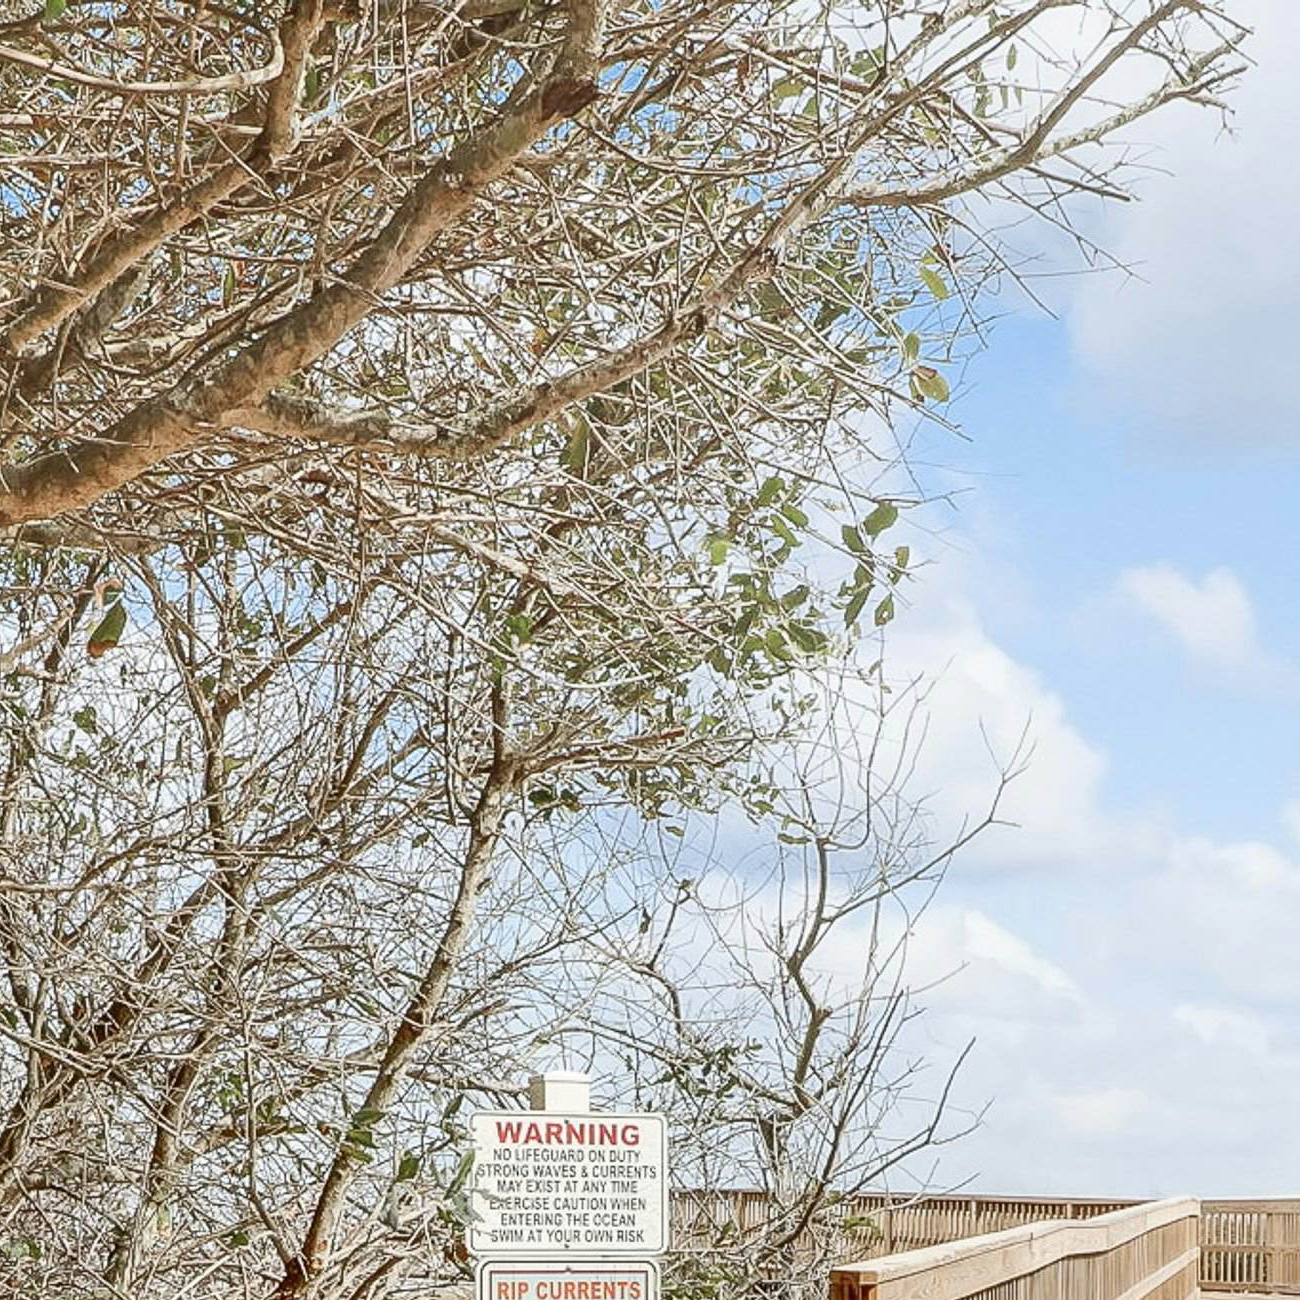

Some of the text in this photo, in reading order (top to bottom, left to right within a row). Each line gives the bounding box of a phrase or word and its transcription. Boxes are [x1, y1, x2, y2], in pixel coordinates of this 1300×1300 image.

[496, 1121, 640, 1146] WARNING
[493, 1148, 641, 1163] NO LIFEGUARD ON DUTY
[477, 1164, 656, 1179] STRONG WAVES & CURRENTS
[497, 1180, 638, 1194] MAY EXIST AT ANY TIME
[489, 1197, 646, 1211] EXERCISE CAUTION WHEN
[500, 1213, 636, 1227] ENTERING THE OCEAN
[490, 1229, 644, 1243] SWIM AT YOUR OWN RISK
[497, 1281, 641, 1300] RIP CURRENTS
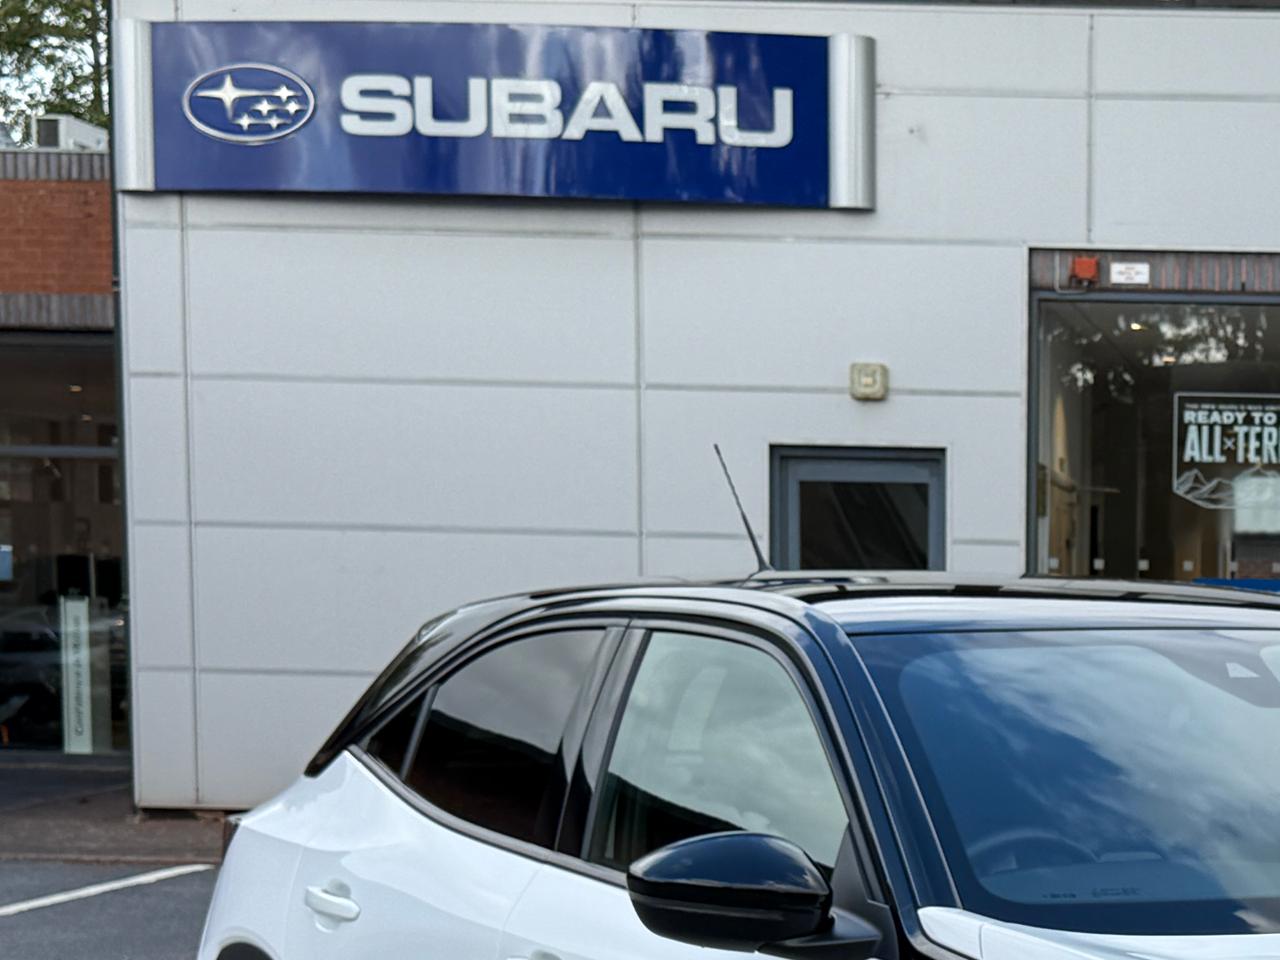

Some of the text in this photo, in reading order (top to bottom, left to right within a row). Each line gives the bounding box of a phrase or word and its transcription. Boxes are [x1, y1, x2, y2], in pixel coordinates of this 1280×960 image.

[340, 74, 793, 148] SUBARU
[1183, 409, 1248, 425] READY
[1251, 411, 1278, 425] TO
[1183, 424, 1227, 464] ALL
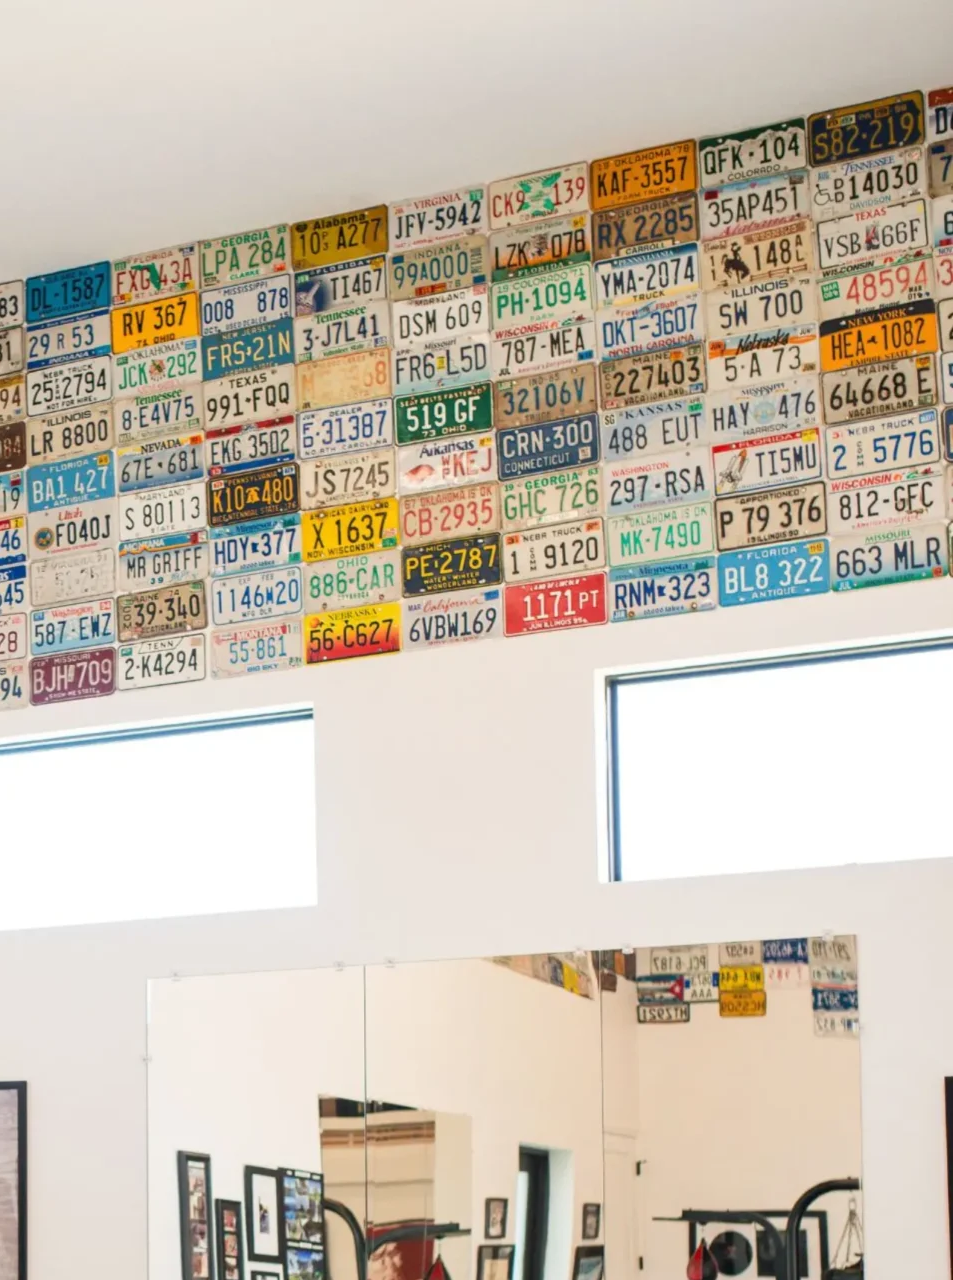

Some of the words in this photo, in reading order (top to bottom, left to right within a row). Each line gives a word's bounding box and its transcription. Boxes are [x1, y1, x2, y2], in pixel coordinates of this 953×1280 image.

[597, 156, 686, 196] KAF-3557
[727, 164, 781, 181] COLORADO
[849, 162, 917, 199] 14030
[414, 193, 460, 208] VIRGINIA
[709, 185, 797, 226] 35AP451
[855, 206, 886, 221] TEXAS
[313, 211, 366, 230] Alabama
[337, 217, 380, 248] A277
[396, 200, 480, 238] JFV-5942
[598, 220, 627, 248] RX
[632, 205, 694, 241] 2285
[221, 231, 268, 247] GEORGIA
[414, 243, 460, 258] INDIANA
[202, 247, 240, 276] LPA
[248, 237, 285, 267] 284
[223, 281, 267, 295] MISSISSIPPI
[731, 279, 788, 297] ILLINOIS
[846, 262, 926, 301] 48594
[122, 310, 144, 335] RV
[153, 300, 186, 329] 367
[314, 306, 365, 323] Tennessee
[399, 309, 436, 338] DSM
[445, 300, 481, 329] 609
[719, 300, 747, 328] SW
[762, 289, 802, 320] 700
[846, 313, 876, 327] NEW
[876, 306, 908, 321] YORK
[602, 304, 696, 347] DKT-3607
[118, 362, 147, 389] JCK
[166, 351, 196, 378] 292
[229, 372, 266, 387] TEXAS
[613, 356, 699, 396] 227403
[134, 389, 181, 405] Tennessee
[830, 372, 906, 409] 64668
[917, 365, 932, 395] E
[406, 402, 446, 431] 519
[454, 395, 479, 422] GF
[713, 402, 748, 430] HAY
[778, 390, 815, 417] 476
[31, 432, 52, 456] LR
[62, 419, 107, 448] 8800
[609, 424, 647, 453] 488
[662, 412, 700, 444] EUT
[847, 425, 874, 435] NEBR
[881, 418, 913, 428] TRUCK
[141, 438, 182, 454] NEVADA
[211, 438, 241, 465] EKG
[248, 429, 288, 458] 3502
[419, 440, 473, 457] Arkansas
[504, 452, 568, 472] CONNECTICUT
[833, 445, 846, 470] 2
[873, 429, 932, 462] 5776
[524, 472, 579, 489] GEORGIA
[611, 462, 668, 476] WASHINGTON
[831, 474, 891, 490] WISCONSIN
[142, 496, 199, 526] 80113
[720, 511, 732, 537] P
[742, 505, 769, 533] 79
[779, 496, 820, 527] 376
[335, 511, 386, 544] 1637
[127, 556, 145, 577] MR
[153, 546, 201, 573] GRIFF
[214, 537, 248, 564] HDY
[261, 528, 295, 556] 377
[336, 555, 367, 569] OHIO
[544, 536, 598, 568] 9120
[836, 546, 881, 577] 663
[894, 537, 940, 570] MLR
[639, 561, 687, 576] Minnesota
[725, 563, 767, 593] BL8
[779, 553, 822, 585] 322
[615, 580, 655, 608] RNM
[669, 572, 709, 600] 323
[51, 604, 93, 619] Washington
[328, 608, 376, 621] NEBRASKA
[409, 608, 495, 641] 6VBW169
[147, 639, 173, 650] TENN
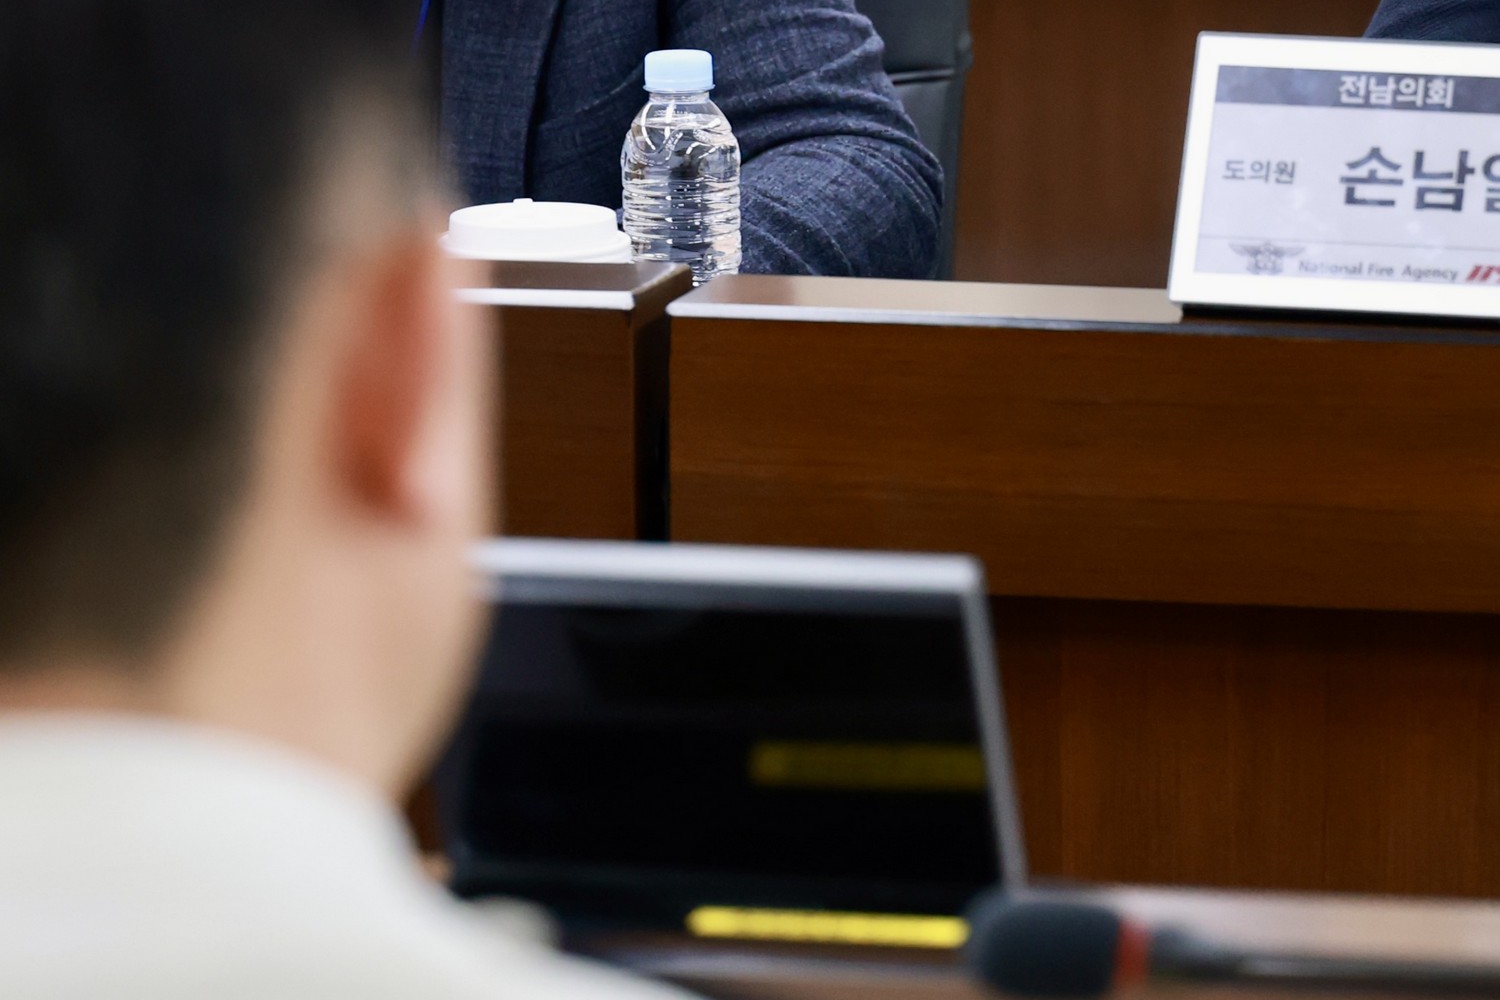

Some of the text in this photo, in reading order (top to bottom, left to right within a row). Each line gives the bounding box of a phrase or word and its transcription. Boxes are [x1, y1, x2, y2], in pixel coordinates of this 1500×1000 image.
-=-=-
Assignment:
Without the images, write out all of the records exactly.

Answer for this exercise:
Some of the text in this photo, in reading order (top to bottom, left to right within a row). Each line gives the bounding box of a phrase or word and its transcription. Boxes are [x1, y1, x2, y2], in pixel coordinates of this 1300×1300 image.

[496, 1121, 640, 1146] WARNING
[493, 1148, 641, 1163] NO LIFEGUARD ON DUTY
[477, 1164, 656, 1179] STRONG WAVES & CURRENTS
[497, 1180, 638, 1194] MAY EXIST AT ANY TIME
[489, 1197, 646, 1211] EXERCISE CAUTION WHEN
[500, 1213, 636, 1227] ENTERING THE OCEAN
[490, 1229, 644, 1243] SWIM AT YOUR OWN RISK
[497, 1281, 641, 1300] RIP CURRENTS

Some of the text in this photo, in reading order (top to bottom, left to right within a row). Each line gives the bounding box of a phrase or word and its transcription. Boxes are [x1, y1, x2, y2], in pixel coordinates of this 1280×960 image.

[340, 74, 793, 148] SUBARU
[1183, 409, 1248, 425] READY
[1251, 411, 1278, 425] TO
[1183, 424, 1227, 464] ALL

Some of the words in this photo, in reading order (top to bottom, left to right within a row). Each line gives a word's bounding box and its transcription. Boxes are [x1, y1, x2, y2], in pixel coordinates of this 953×1280 image.

[597, 156, 686, 196] KAF-3557
[727, 164, 781, 181] COLORADO
[849, 162, 917, 199] 14030
[414, 193, 460, 208] VIRGINIA
[709, 185, 797, 226] 35AP451
[855, 206, 886, 221] TEXAS
[313, 211, 366, 230] Alabama
[337, 217, 380, 248] A277
[396, 200, 480, 238] JFV-5942
[598, 220, 627, 248] RX
[632, 205, 694, 241] 2285
[221, 231, 268, 247] GEORGIA
[414, 243, 460, 258] INDIANA
[202, 247, 240, 276] LPA
[248, 237, 285, 267] 284
[223, 281, 267, 295] MISSISSIPPI
[731, 279, 788, 297] ILLINOIS
[846, 262, 926, 301] 48594
[122, 310, 144, 335] RV
[153, 300, 186, 329] 367
[314, 306, 365, 323] Tennessee
[399, 309, 436, 338] DSM
[445, 300, 481, 329] 609
[719, 300, 747, 328] SW
[762, 289, 802, 320] 700
[846, 313, 876, 327] NEW
[876, 306, 908, 321] YORK
[602, 304, 696, 347] DKT-3607
[118, 362, 147, 389] JCK
[166, 351, 196, 378] 292
[229, 372, 266, 387] TEXAS
[613, 356, 699, 396] 227403
[134, 389, 181, 405] Tennessee
[830, 372, 906, 409] 64668
[917, 365, 932, 395] E
[406, 402, 446, 431] 519
[454, 395, 479, 422] GF
[713, 402, 748, 430] HAY
[778, 390, 815, 417] 476
[31, 432, 52, 456] LR
[62, 419, 107, 448] 8800
[609, 424, 647, 453] 488
[662, 412, 700, 444] EUT
[847, 425, 874, 435] NEBR
[881, 418, 913, 428] TRUCK
[141, 438, 182, 454] NEVADA
[211, 438, 241, 465] EKG
[248, 429, 288, 458] 3502
[419, 440, 473, 457] Arkansas
[504, 452, 568, 472] CONNECTICUT
[833, 445, 846, 470] 2
[873, 429, 932, 462] 5776
[524, 472, 579, 489] GEORGIA
[611, 462, 668, 476] WASHINGTON
[831, 474, 891, 490] WISCONSIN
[142, 496, 199, 526] 80113
[720, 511, 732, 537] P
[742, 505, 769, 533] 79
[779, 496, 820, 527] 376
[335, 511, 386, 544] 1637
[127, 556, 145, 577] MR
[153, 546, 201, 573] GRIFF
[214, 537, 248, 564] HDY
[261, 528, 295, 556] 377
[336, 555, 367, 569] OHIO
[544, 536, 598, 568] 9120
[836, 546, 881, 577] 663
[894, 537, 940, 570] MLR
[639, 561, 687, 576] Minnesota
[725, 563, 767, 593] BL8
[779, 553, 822, 585] 322
[615, 580, 655, 608] RNM
[669, 572, 709, 600] 323
[51, 604, 93, 619] Washington
[328, 608, 376, 621] NEBRASKA
[409, 608, 495, 641] 6VBW169
[147, 639, 173, 650] TENN

Some of the text in this photo, in reading order (top to bottom, left to right within a row). Each line gives the bounding box of a phrase or word and its transcription. Boxes are [x1, y1, x2, y2], in pixel coordinates of this 1500×1000 image.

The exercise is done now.